The only thing keeping me tethered is the sun and her seeds.
See, I was birthed to Jupiter, the mother of expansion, the mother of natural beauty, but it seems to me as if I keep expanding so far, so wide, to a place that seems unfamiliar that when
I tapped into
Something to call home,
I’ve become this place.

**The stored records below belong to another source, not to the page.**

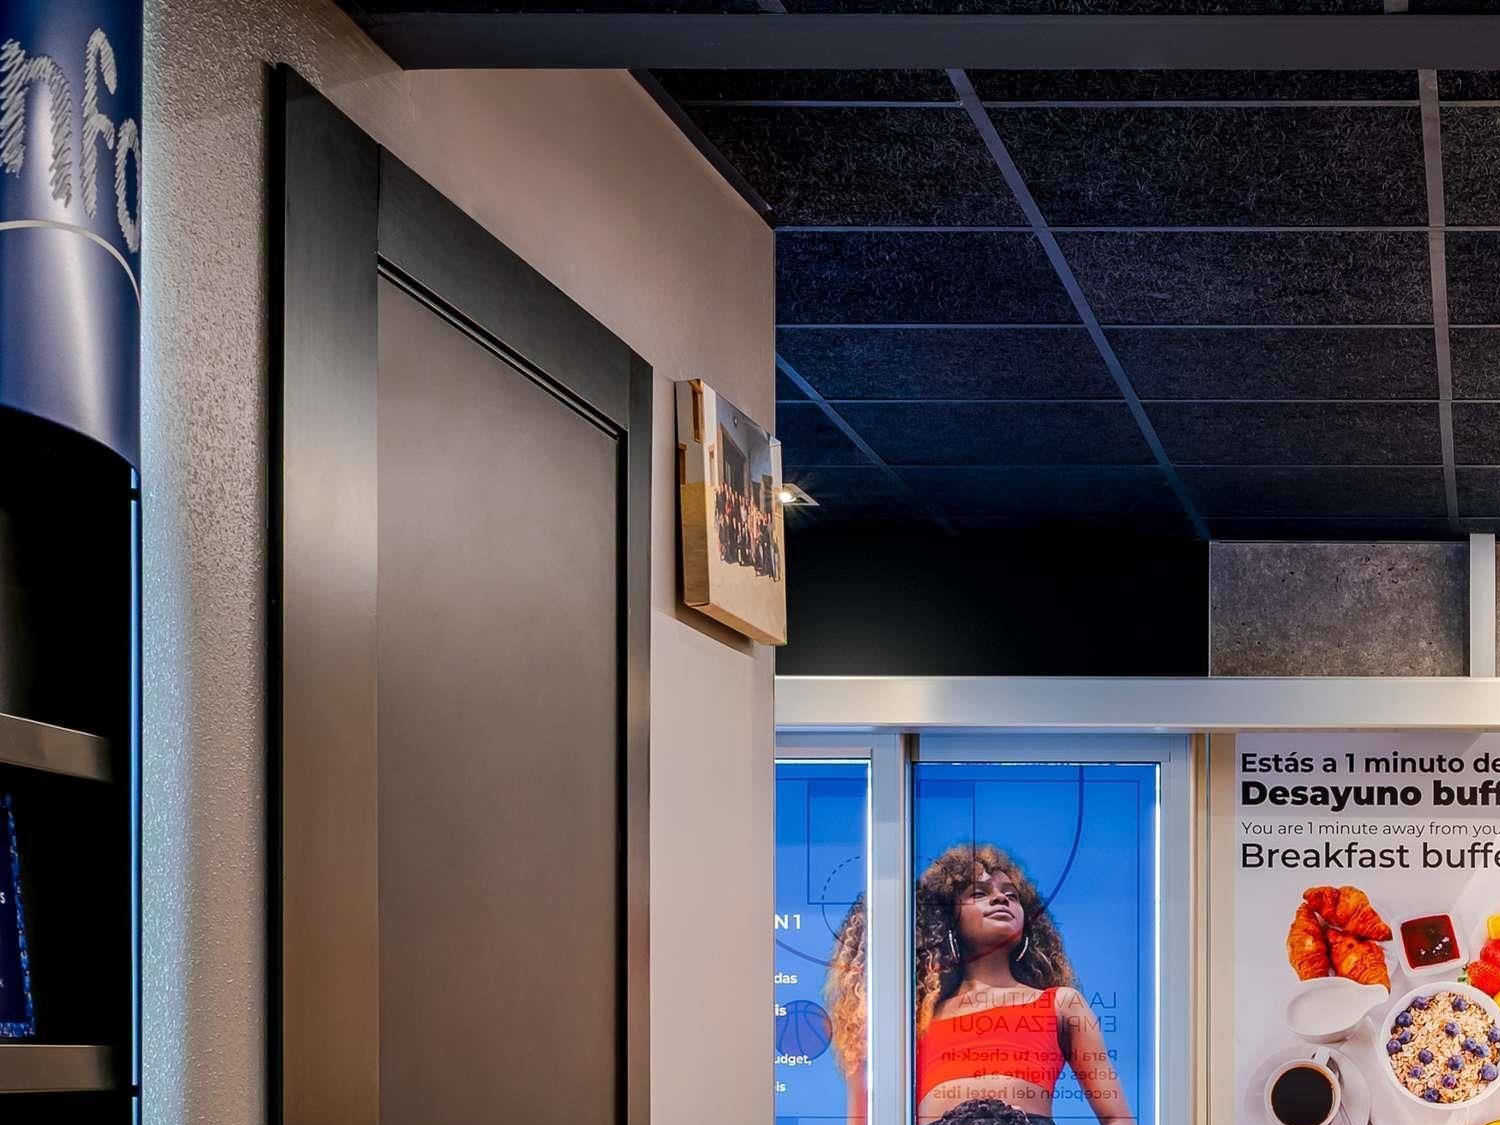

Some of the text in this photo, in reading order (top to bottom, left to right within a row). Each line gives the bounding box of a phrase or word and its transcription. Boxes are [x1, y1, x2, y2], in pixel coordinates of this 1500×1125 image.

[1242, 752, 1314, 773] Estás
[1322, 757, 1337, 773] a
[1345, 753, 1355, 773] 1
[1365, 751, 1465, 773] minuto
[1242, 781, 1422, 812] Desayuno
[1242, 822, 1273, 835] You
[1278, 824, 1304, 835] are
[1307, 822, 1313, 834] 1
[1319, 821, 1378, 835] minute
[1382, 824, 1425, 838] away
[1430, 821, 1468, 835] from
[1242, 842, 1410, 868] Breakfast

Even in space, I’ve become a place the depths of my being can only hold darkness.
I get that, I get that it’s pitch black, I get that it’s a match match, I get that I am wandering alone in darkness, a single light.

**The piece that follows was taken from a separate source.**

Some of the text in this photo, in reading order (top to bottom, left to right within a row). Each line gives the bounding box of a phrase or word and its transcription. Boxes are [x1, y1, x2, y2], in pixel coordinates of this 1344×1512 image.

And maybe that’s why love scares me.
Because I’ve been the one lighting the way
With nobody walking beside me.
Maybe I’m not hard to love.
Maybe I’ve just been loving in places
Where my softness gets punished.
I don’t want to beg to be understood.
I don’t want to translate my heart
Into smaller words.
I want someone new
Not as an escape,
But simply as proof
That my expansion doesn’t have to mean exile.
Someone who doesn’t flinch at my depth.
Someone who doesn’t ask me to dim
So they can feel bigger.
Someone who sees that I am wandering alone in darkness, a single light,
and comes closer
not to put me out,
but to warm their hands
and stay.
And I’m good.
Not because it didn’t hurt
but because it didn’t end me.
I’m not begging the past to be gentler.
I’m not chasing closure like it owes me something.
I’m learning the next lessons
in my new chapter,
soft hands, steady breath,
a heart that still opens
just smarter now.
I don’t need love that confuses me.
I don’t need love that costs me my peace.